Monday , May 17 2021

Bets against Treasuries start to pinch in tough week for bears


Investors betting against Treasuries — or even just hiding out in cash waiting for lower prices — just suffered a rough week, even after a robust slate of economic figures showed the rebound from the pandemic is gaining steam.
The debate over the long-term outlook for the $21 trillion market is far from over. The bearish view has dominated in 2021, but it was just dealt a blow as Treasuries posted their biggest weekly rally since August. And some strategists see potential for yields to stage a brief foray to even lower levels.
Ten-year yields tumbled to just above 1.5%, a stunning turnaround after the specter of a 2% breach swirled just a few weeks ago. The bond rally gained speed as evidence of robust international demand spurred some investors to exit short bets, a move that seemed to defy logic as it came amid an array of strong economic data.
It doesn’t look like there’s much help straight ahead for the bears, with next week devoid of major data releases, Federal Reserve officials muzzled before their April 28 decision and geopolitical tensions brewing. What’s more, the fate of the next US spending plan — which may include a chunk of taxes — is unclear, and the reopening push took a hit as regulators paused Johnson & Johnson’s Covid-19 vaccine rollout.
“Lower yields, or even just no further pickup, seems to be the pain trade now,” said Chris Ahrens, a strategist at Stifel Nicolaus & Co. “A lot of financial institutions are very flush with cash and had been holding on and hoping for higher yields — cheaper prices — to come back into the Treasury market. Now they are being forced to buy Treasuries at higher prices.”

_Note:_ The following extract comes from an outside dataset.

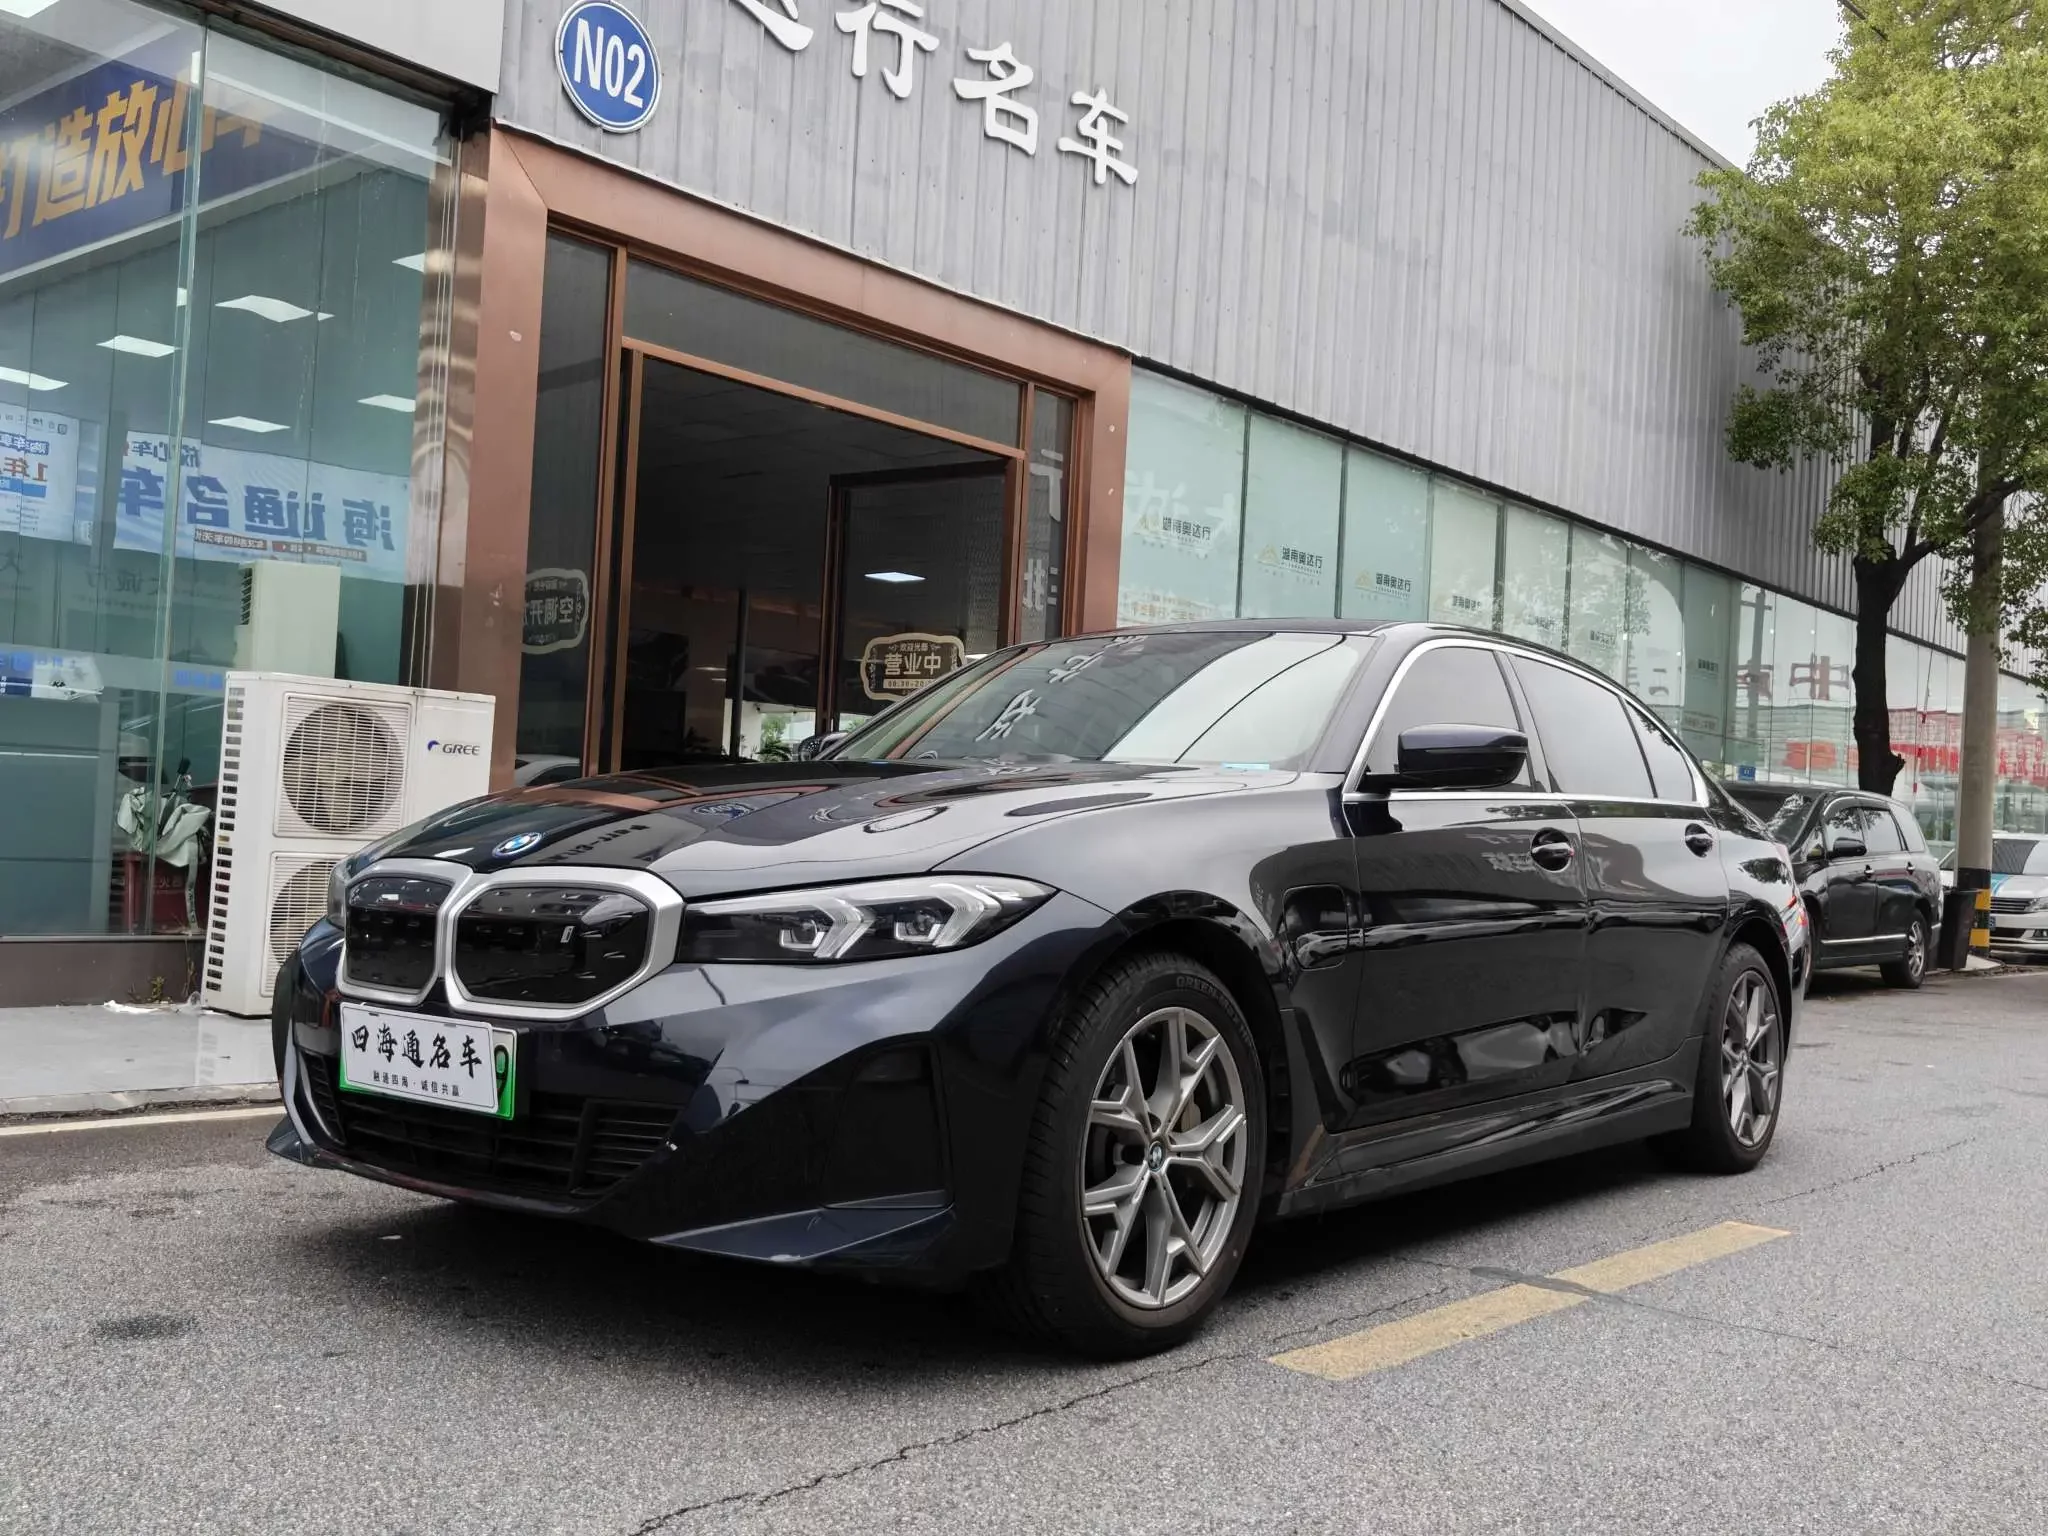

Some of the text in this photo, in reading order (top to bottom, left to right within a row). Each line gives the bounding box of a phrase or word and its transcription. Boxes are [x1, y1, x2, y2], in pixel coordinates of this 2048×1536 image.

[574, 17, 645, 109] N02
[884, 652, 942, 676] 营业中
[442, 743, 481, 756] GREE
[351, 1023, 483, 1079] 四海通名车

After the worst quarter since 1980, the Treasuries market has gained around 1% this month, paring its 2021 loss to about 3.3%, according to Bloomberg Barclays index data through April 15.
The 10-year note yields 1.58%, down about 20 basis points from the more than one-year high reached at the end of March. Hedge funds had been massive sellers of Treasuries since the start of January. With stocks surging of late, retail buyers have also been biased against bonds, pouring more cash into equity funds.
But now there’s a bullish tone emerging in parts of the rate market, with demand surfacing for options targeting a drop in 5-year Treasury yields to as low as 0.55% ahead of their May expiry, and for the 30-year yield to sink to 2.1%. Those maturities yield 0.83% and 2.26%, respectively.
Treasury yields could extend their decline, potentially taking the 10-year yield as low as 1.2% — a level not seen since February, says Tom Essaye, a former Merrill Lynch trader who founded “The Sevens Report” newsletter.
“The market is ignoring really good economic data now, so the thing that is going to get yields moving higher again is either a surprise pop in inflation or a bit of a hawkish turn in tone from the Fed,” he said by phone. “I don’t see either of those things happening in the very short-term. Longer-term, I still think yields are headed higher — but we are in this weird position now where the Fed has essentially said they aren’t changing their opinion of things no
matter what the data is.”
Fed Chair Jerome Powell has said that while the economy appears to have turned a corner, central bankers aren’t in a hurry to remove monetary support. BlackRock Inc. the world’s biggest asset manager, is among those predicting the Fed will begin communicating plans to taper its bond buying in June.
Granted, the bears can take solace in views that surfaced at the end of the week, suggesting it’s time to get short again. Mark Cabana, head of US interest rates strategy at Bank of America Corp., said on Bloomberg TV that he’s been encouraging clients to use the “little rate rally” to reset short positions.